Items from a data source
"""

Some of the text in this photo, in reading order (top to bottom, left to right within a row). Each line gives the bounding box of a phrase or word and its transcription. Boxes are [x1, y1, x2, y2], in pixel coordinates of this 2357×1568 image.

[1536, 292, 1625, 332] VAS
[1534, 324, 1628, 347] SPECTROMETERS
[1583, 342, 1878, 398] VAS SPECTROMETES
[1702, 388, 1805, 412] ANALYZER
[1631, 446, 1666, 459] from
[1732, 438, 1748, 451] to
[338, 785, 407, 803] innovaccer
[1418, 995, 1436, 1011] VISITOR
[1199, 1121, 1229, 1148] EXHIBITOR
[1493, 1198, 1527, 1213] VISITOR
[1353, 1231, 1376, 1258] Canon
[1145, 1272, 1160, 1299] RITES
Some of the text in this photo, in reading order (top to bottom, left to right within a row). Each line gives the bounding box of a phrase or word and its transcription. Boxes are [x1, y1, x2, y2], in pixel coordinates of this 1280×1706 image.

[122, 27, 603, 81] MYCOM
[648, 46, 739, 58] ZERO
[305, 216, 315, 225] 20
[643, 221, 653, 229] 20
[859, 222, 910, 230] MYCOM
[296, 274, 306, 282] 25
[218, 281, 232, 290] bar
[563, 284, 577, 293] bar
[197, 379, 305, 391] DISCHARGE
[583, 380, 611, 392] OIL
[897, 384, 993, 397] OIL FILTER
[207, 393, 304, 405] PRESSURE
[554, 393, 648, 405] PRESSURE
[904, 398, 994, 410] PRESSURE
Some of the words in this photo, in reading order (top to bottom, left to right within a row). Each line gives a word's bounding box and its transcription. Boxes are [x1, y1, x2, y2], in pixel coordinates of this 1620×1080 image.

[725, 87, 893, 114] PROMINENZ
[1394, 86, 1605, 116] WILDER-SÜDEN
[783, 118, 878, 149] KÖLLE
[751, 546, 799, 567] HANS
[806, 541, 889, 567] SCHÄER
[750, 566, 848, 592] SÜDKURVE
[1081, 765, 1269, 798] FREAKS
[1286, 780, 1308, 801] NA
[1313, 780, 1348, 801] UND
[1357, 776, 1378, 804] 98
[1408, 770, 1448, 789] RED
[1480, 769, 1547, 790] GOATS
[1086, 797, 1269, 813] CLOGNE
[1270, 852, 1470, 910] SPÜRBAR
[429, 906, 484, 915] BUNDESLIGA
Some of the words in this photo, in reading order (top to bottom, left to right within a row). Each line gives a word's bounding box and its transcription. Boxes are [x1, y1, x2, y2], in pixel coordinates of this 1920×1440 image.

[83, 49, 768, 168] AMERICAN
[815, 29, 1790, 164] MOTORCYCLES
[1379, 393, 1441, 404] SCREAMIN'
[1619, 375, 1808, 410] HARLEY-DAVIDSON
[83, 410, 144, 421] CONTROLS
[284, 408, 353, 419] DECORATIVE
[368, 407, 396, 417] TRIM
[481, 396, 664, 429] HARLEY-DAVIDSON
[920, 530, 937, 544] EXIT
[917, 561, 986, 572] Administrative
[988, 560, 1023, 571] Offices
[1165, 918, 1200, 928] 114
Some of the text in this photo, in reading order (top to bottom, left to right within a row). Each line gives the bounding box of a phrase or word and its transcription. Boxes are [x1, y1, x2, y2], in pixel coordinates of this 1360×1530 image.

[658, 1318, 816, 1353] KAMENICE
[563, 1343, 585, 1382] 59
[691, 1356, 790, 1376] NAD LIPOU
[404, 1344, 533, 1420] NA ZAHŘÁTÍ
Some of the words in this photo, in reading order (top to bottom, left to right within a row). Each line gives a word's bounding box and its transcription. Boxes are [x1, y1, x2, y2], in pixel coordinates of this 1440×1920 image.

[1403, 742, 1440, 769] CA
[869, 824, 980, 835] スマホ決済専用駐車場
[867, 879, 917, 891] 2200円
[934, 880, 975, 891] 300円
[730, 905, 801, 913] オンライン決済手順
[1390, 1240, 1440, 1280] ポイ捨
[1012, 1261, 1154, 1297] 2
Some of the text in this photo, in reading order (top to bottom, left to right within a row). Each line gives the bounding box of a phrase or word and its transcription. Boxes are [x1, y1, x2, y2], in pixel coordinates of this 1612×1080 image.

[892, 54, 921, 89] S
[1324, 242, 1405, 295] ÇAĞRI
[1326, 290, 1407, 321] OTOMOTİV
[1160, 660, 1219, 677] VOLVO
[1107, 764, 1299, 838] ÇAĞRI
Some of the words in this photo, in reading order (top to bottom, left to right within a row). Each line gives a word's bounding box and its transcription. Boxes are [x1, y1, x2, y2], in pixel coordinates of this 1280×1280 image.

"""

• [TASK REQUIREMENTS]
All of the entries should be written out again exactly.

• [SOLUTION BELOW]
Some of the text in this photo, in reading order (top to bottom, left to right within a row). Each line gives the bounding box of a phrase or word and its transcription. Boxes are [x1, y1, x2, y2], in pixel coordinates of this 2357×1568 image.

[1536, 292, 1625, 332] VAS
[1534, 324, 1628, 347] SPECTROMETERS
[1583, 342, 1878, 398] VAS SPECTROMETES
[1702, 388, 1805, 412] ANALYZER
[1631, 446, 1666, 459] from
[1732, 438, 1748, 451] to
[338, 785, 407, 803] innovaccer
[1418, 995, 1436, 1011] VISITOR
[1199, 1121, 1229, 1148] EXHIBITOR
[1493, 1198, 1527, 1213] VISITOR
[1353, 1231, 1376, 1258] Canon
[1145, 1272, 1160, 1299] RITES
Some of the text in this photo, in reading order (top to bottom, left to right within a row). Each line gives the bounding box of a phrase or word and its transcription. Boxes are [x1, y1, x2, y2], in pixel coordinates of this 1280×1706 image.

[122, 27, 603, 81] MYCOM
[648, 46, 739, 58] ZERO
[305, 216, 315, 225] 20
[643, 221, 653, 229] 20
[859, 222, 910, 230] MYCOM
[296, 274, 306, 282] 25
[218, 281, 232, 290] bar
[563, 284, 577, 293] bar
[197, 379, 305, 391] DISCHARGE
[583, 380, 611, 392] OIL
[897, 384, 993, 397] OIL FILTER
[207, 393, 304, 405] PRESSURE
[554, 393, 648, 405] PRESSURE
[904, 398, 994, 410] PRESSURE
Some of the words in this photo, in reading order (top to bottom, left to right within a row). Each line gives a word's bounding box and its transcription. Boxes are [x1, y1, x2, y2], in pixel coordinates of this 1620×1080 image.

[725, 87, 893, 114] PROMINENZ
[1394, 86, 1605, 116] WILDER-SÜDEN
[783, 118, 878, 149] KÖLLE
[751, 546, 799, 567] HANS
[806, 541, 889, 567] SCHÄER
[750, 566, 848, 592] SÜDKURVE
[1081, 765, 1269, 798] FREAKS
[1286, 780, 1308, 801] NA
[1313, 780, 1348, 801] UND
[1357, 776, 1378, 804] 98
[1408, 770, 1448, 789] RED
[1480, 769, 1547, 790] GOATS
[1086, 797, 1269, 813] CLOGNE
[1270, 852, 1470, 910] SPÜRBAR
[429, 906, 484, 915] BUNDESLIGA
Some of the words in this photo, in reading order (top to bottom, left to right within a row). Each line gives a word's bounding box and its transcription. Boxes are [x1, y1, x2, y2], in pixel coordinates of this 1920×1440 image.

[83, 49, 768, 168] AMERICAN
[815, 29, 1790, 164] MOTORCYCLES
[1379, 393, 1441, 404] SCREAMIN'
[1619, 375, 1808, 410] HARLEY-DAVIDSON
[83, 410, 144, 421] CONTROLS
[284, 408, 353, 419] DECORATIVE
[368, 407, 396, 417] TRIM
[481, 396, 664, 429] HARLEY-DAVIDSON
[920, 530, 937, 544] EXIT
[917, 561, 986, 572] Administrative
[988, 560, 1023, 571] Offices
[1165, 918, 1200, 928] 114
Some of the text in this photo, in reading order (top to bottom, left to right within a row). Each line gives the bounding box of a phrase or word and its transcription. Boxes are [x1, y1, x2, y2], in pixel coordinates of this 1360×1530 image.

[658, 1318, 816, 1353] KAMENICE
[563, 1343, 585, 1382] 59
[691, 1356, 790, 1376] NAD LIPOU
[404, 1344, 533, 1420] NA ZAHŘÁTÍ
Some of the words in this photo, in reading order (top to bottom, left to right within a row). Each line gives a word's bounding box and its transcription. Boxes are [x1, y1, x2, y2], in pixel coordinates of this 1440×1920 image.

[1403, 742, 1440, 769] CA
[869, 824, 980, 835] スマホ決済専用駐車場
[867, 879, 917, 891] 2200円
[934, 880, 975, 891] 300円
[730, 905, 801, 913] オンライン決済手順
[1390, 1240, 1440, 1280] ポイ捨
[1012, 1261, 1154, 1297] 2
Some of the text in this photo, in reading order (top to bottom, left to right within a row). Each line gives the bounding box of a phrase or word and its transcription. Boxes are [x1, y1, x2, y2], in pixel coordinates of this 1612×1080 image.

[892, 54, 921, 89] S
[1324, 242, 1405, 295] ÇAĞRI
[1326, 290, 1407, 321] OTOMOTİV
[1160, 660, 1219, 677] VOLVO
[1107, 764, 1299, 838] ÇAĞRI
Some of the words in this photo, in reading order (top to bottom, left to right within a row). Each line gives a word's bounding box and its transcription. Boxes are [x1, y1, x2, y2], in pixel coordinates of this 1280×1280 image.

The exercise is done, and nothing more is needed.